12. Promouvoir les systèmes de production agricoles susceptibles d’éviter d’endommager la Terre-Mère et assurer leur financement ainsi que des politiques et des mécanismes de contrôle social participatifs et publics. Ceux-ci doivent inclure la recherche aussi bien que l’investissement public en vue d’éliminer l’utilisation de produits à base de pétrole, d’améliorer la composition organique du sol, de réduire les pertes post-récolte, de renforcer les marchés locaux, de promouvoir l’agriculture urbaine, de protéger les sources et les nappes phréatiques et de soutenir l’agriculture familiale paysanne indigène / autochtone et la Souveraineté Alimentaire.

13. Défendre, revaloriser et diffuser le modère soutenable de production agricole paysanne et indigène / autochtone, ainsi que d’autres modèles et pratiques ancestrales écologiques qui contribuent à résoudre le problème du changement climatique et à assurer la Souveraineté Alimentaire. Celle-ci est comprise comme le droit de tous les peuples à contrôler leurs propres semences, leurs terres, leur eau et leur production alimentaire. Elle consiste ainsi à garantir, par une production localement et culturellement adaptée et en harmonie avec la Terre-Mère, l’accès des peuples à des aliments en suffisance, variés et nutritifs, en accord avec la Terre-Mère, tout en approfondissant la production autonome (participative, communautaire et partagée) de chaque nation et de chaque peuple. Parallèlement, nous refusons l’uniformisation alimentaire au l’échelle mondiale, avec ses effets nutritionnels, environnementaux, sociaux, culturels et sanitaires.

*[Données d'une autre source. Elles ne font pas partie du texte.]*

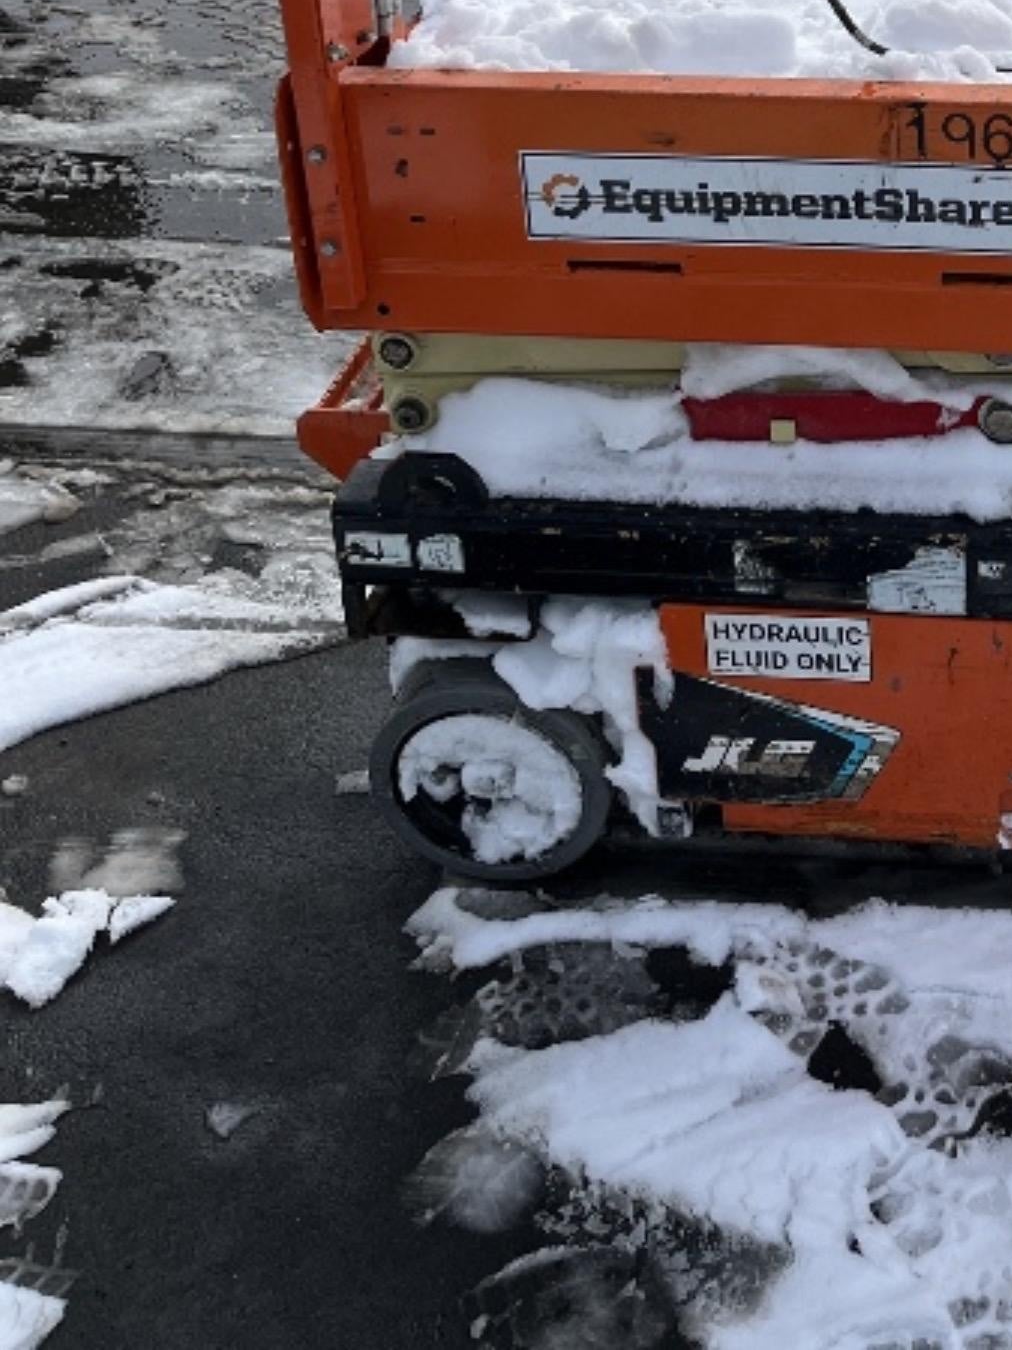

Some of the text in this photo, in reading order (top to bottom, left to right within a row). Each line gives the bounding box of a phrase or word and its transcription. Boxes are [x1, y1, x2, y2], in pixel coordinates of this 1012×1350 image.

[712, 621, 863, 646] HYDRAULIC
[715, 650, 862, 673] FLUID ONLY
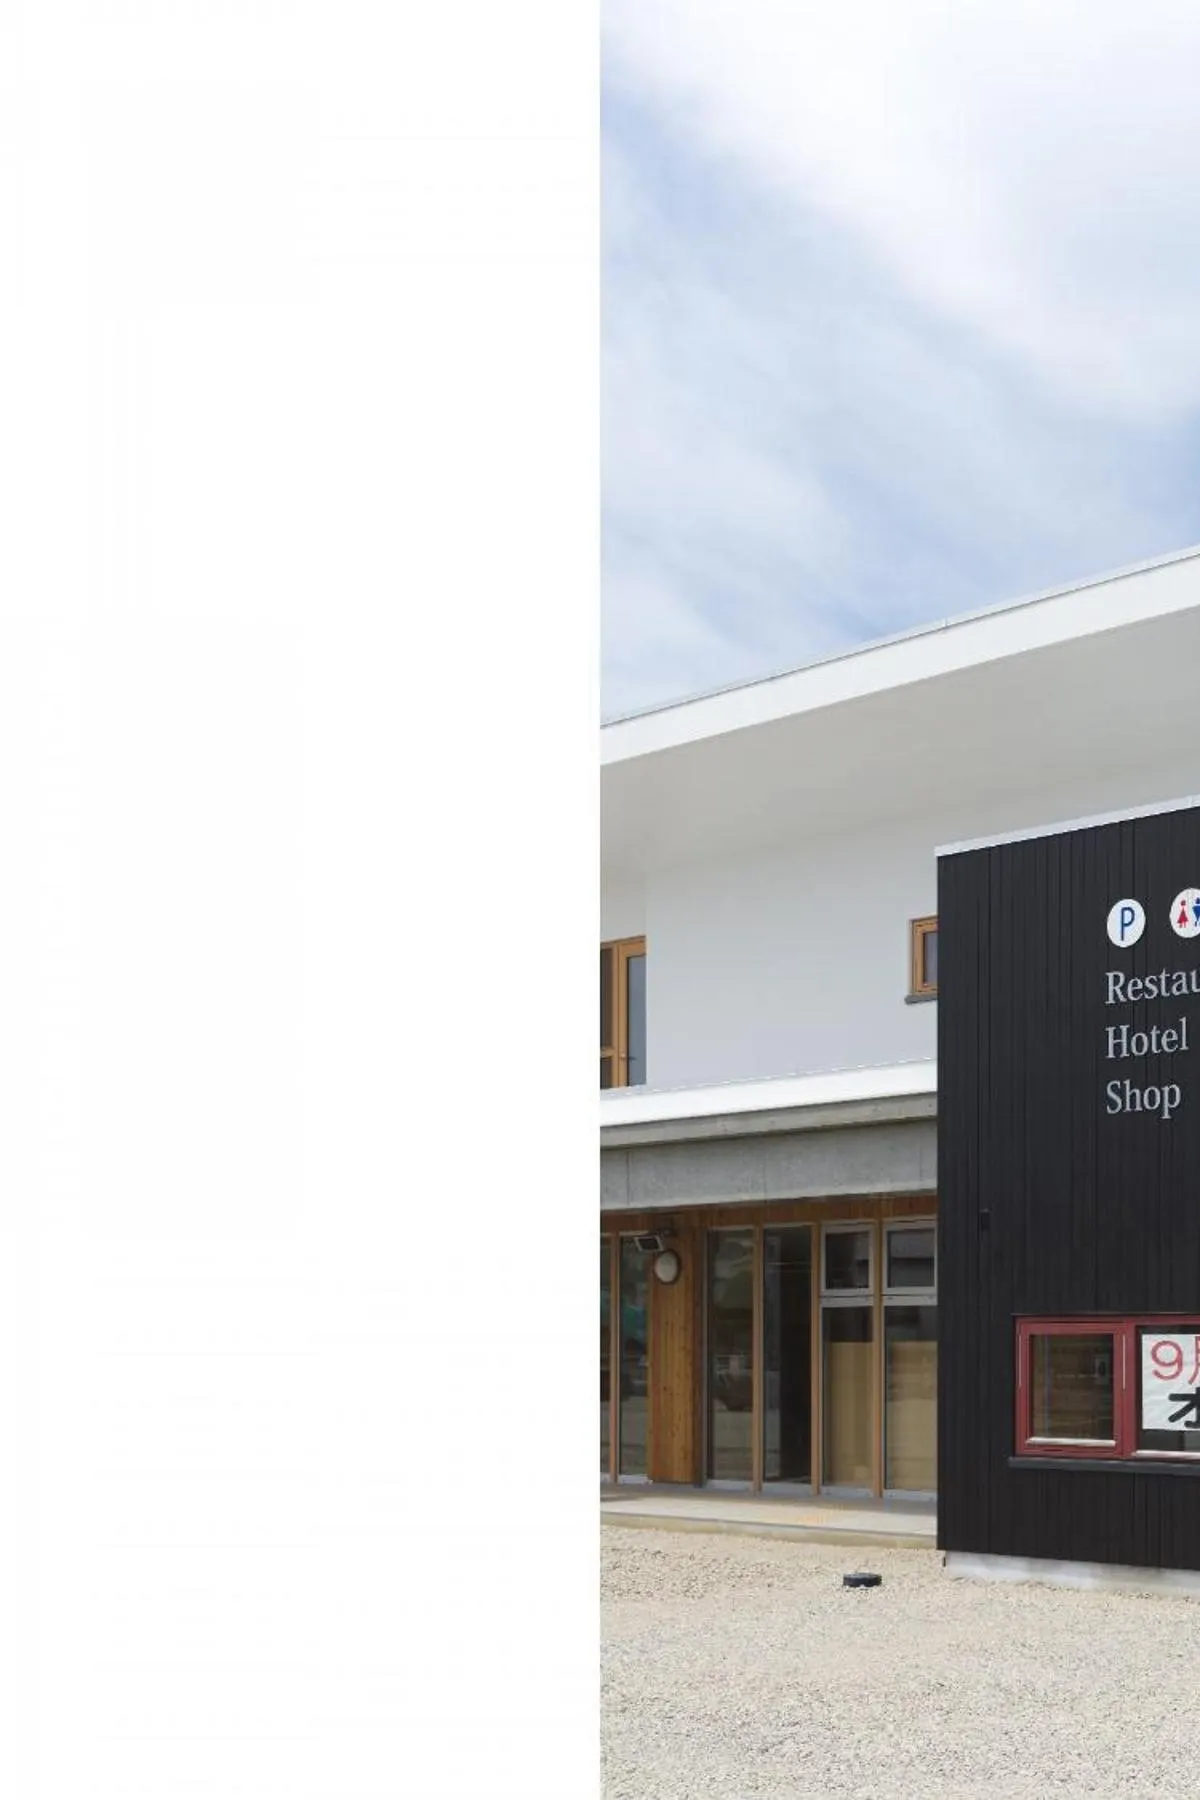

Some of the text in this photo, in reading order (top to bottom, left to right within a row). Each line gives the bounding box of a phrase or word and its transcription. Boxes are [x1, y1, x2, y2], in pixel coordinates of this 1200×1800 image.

[1120, 906, 1136, 942] P
[1105, 1016, 1189, 1059] Hotel
[1106, 1079, 1182, 1120] Shop
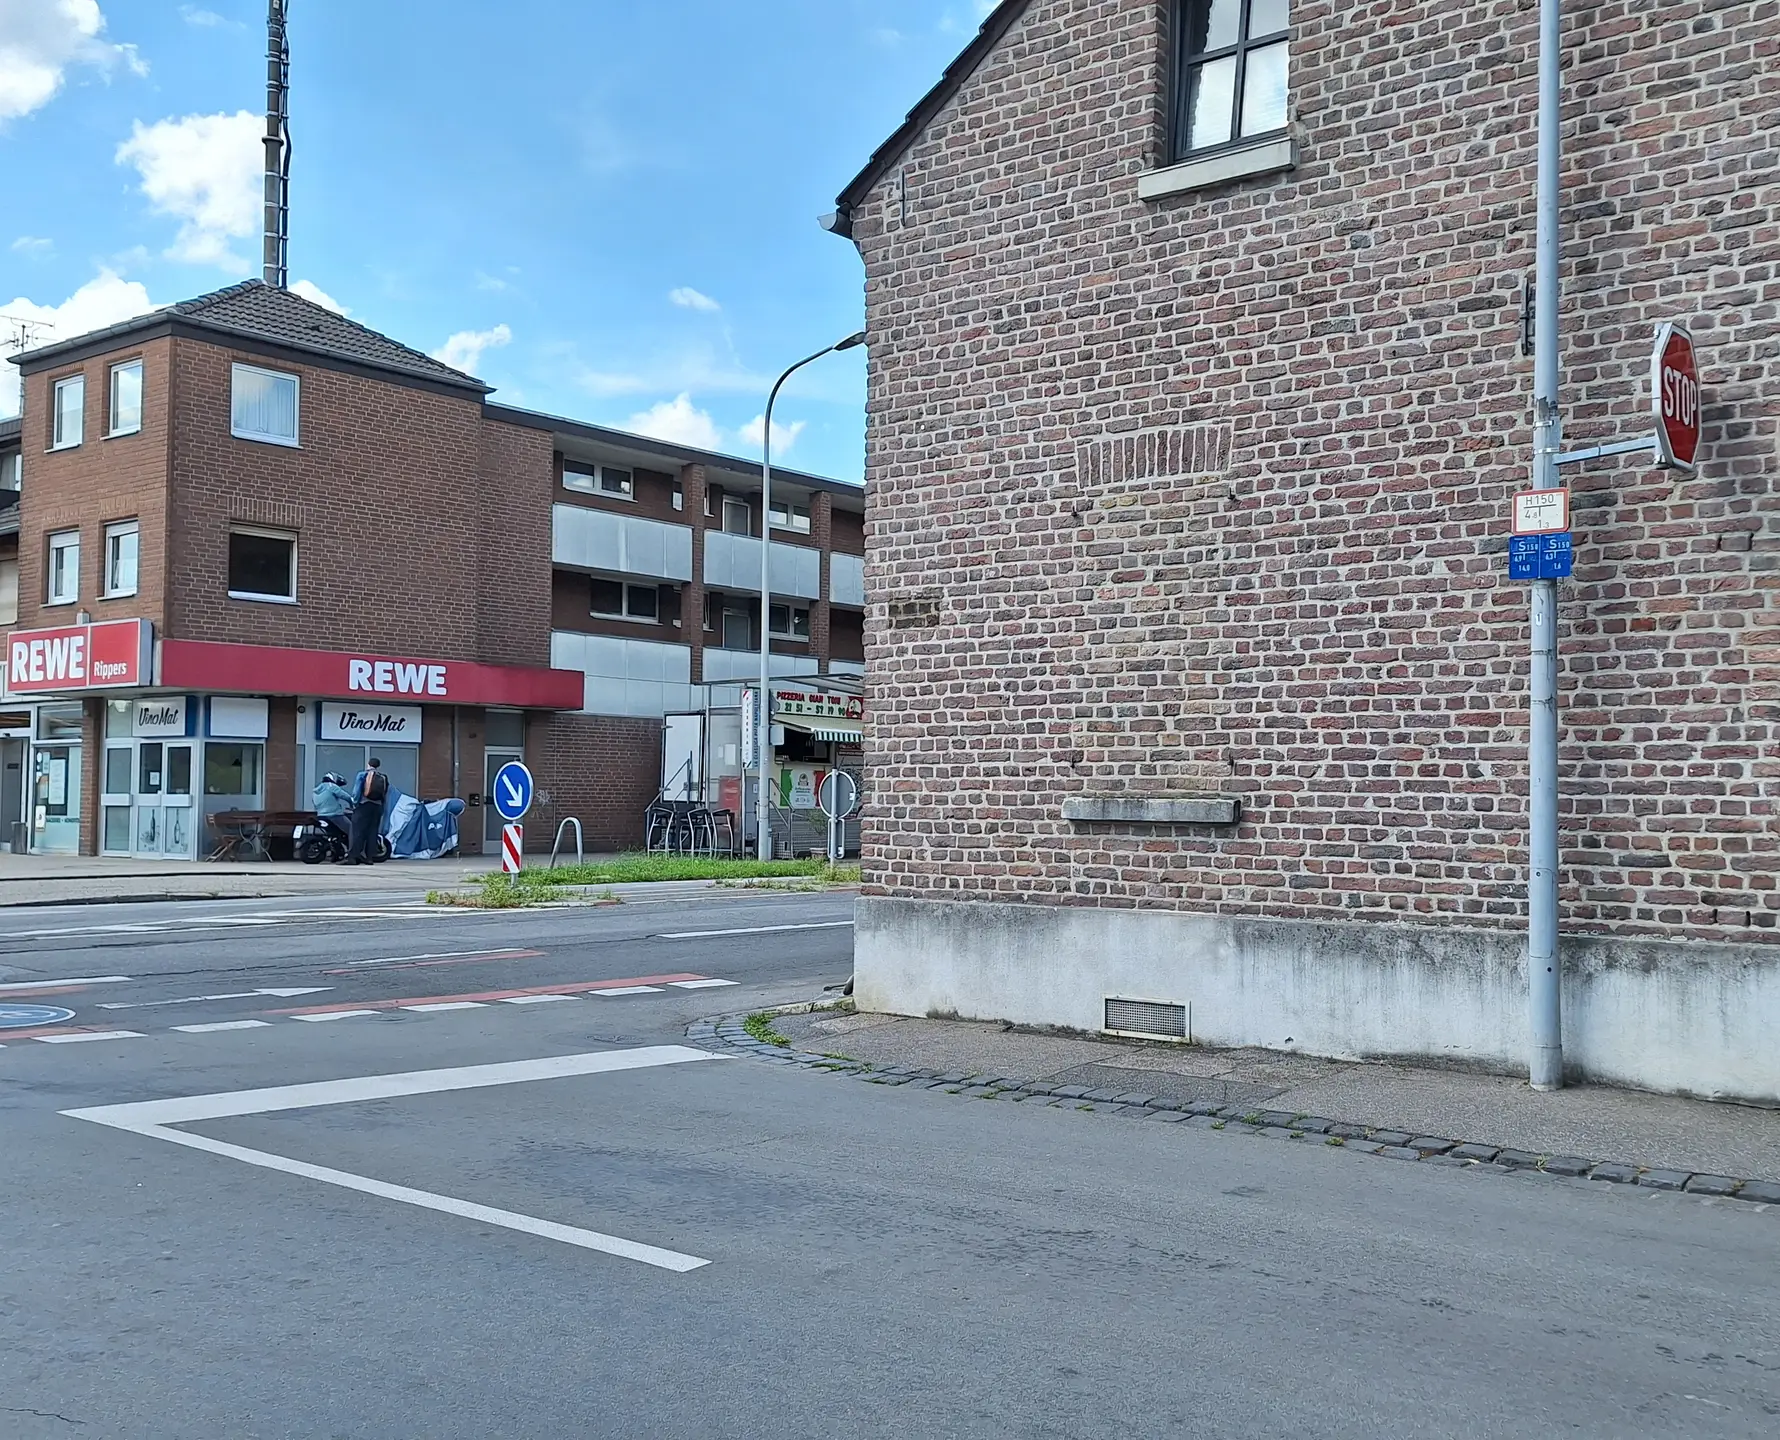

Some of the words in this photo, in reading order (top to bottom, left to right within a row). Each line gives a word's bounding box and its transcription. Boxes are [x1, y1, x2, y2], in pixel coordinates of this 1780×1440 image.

[1664, 365, 1697, 429] STOP
[1525, 493, 1555, 506] H150
[11, 635, 85, 683] REWE
[93, 660, 127, 680] Rippers
[348, 659, 448, 696] REWE
[776, 691, 805, 702] PIZZERIA

14. Reconnaître le droit de tous les peuples, des êtres vivants et de la Terre-Mère d’accéder à l’eau et d’en bénéficier. De même, reconnaître le droit des peuples et des pays à contrôler, réguler et planifier l’utilisation et la gestion respectueuses et solidaires de l’eau et de ses cycles dans le cadre des accords et des conventions internationales et du droit coutumier. Il s’agit également d’interdire toute forme de privatisation et de marchandisation de l’eau, en créant des organes de participation populaire pour en réguler les usages multiples, tout en protègeant sa qualité et en planifiant son utilisation future pour la consommation des êtres vivants et pour la production alimentaire. Dans ce cadre, nous soutenons la proposition du gouvernement de la Bolivie de reconnaître l’accès à l’eau comme un Droit humain fondamental, tel que stipulé dans la « Déclaration du droit humain à l’eau », que nous considérons comme un pas important dans la bonne direction.

15. Interdire les technologies et les processus technologiques qui mettent en péril le bien-être et la survie de la Terre-Mère et des êtres vivants et qui sont impulsés exclusivement en raison de leur potentiel en termes de profits pour un nombre restreint d’entreprises, alors qu’elles provoquent et accélèrent le changement climatique. Cela concerne notamment les agrocombustibles, les organismes génétiquement modifiés, les nanotechnologies, la géoingéniérie et toutes ces technologies qui, sous prétexte d’aider le climat, portent en réalité atteinte à la Souveraineté Alimentaire et agressent la Terre-Mère. Interdire à l’échelle mondiale, de manière définitive, les technologies du type Terminator, les pharmacultures et autres processus similaires.

16. Interdire la pêche au chalut car elle est déprédatrice et destructrice de la biodiversité tout en supprimant les moyens de subsistance des pêcheurs artisanaux.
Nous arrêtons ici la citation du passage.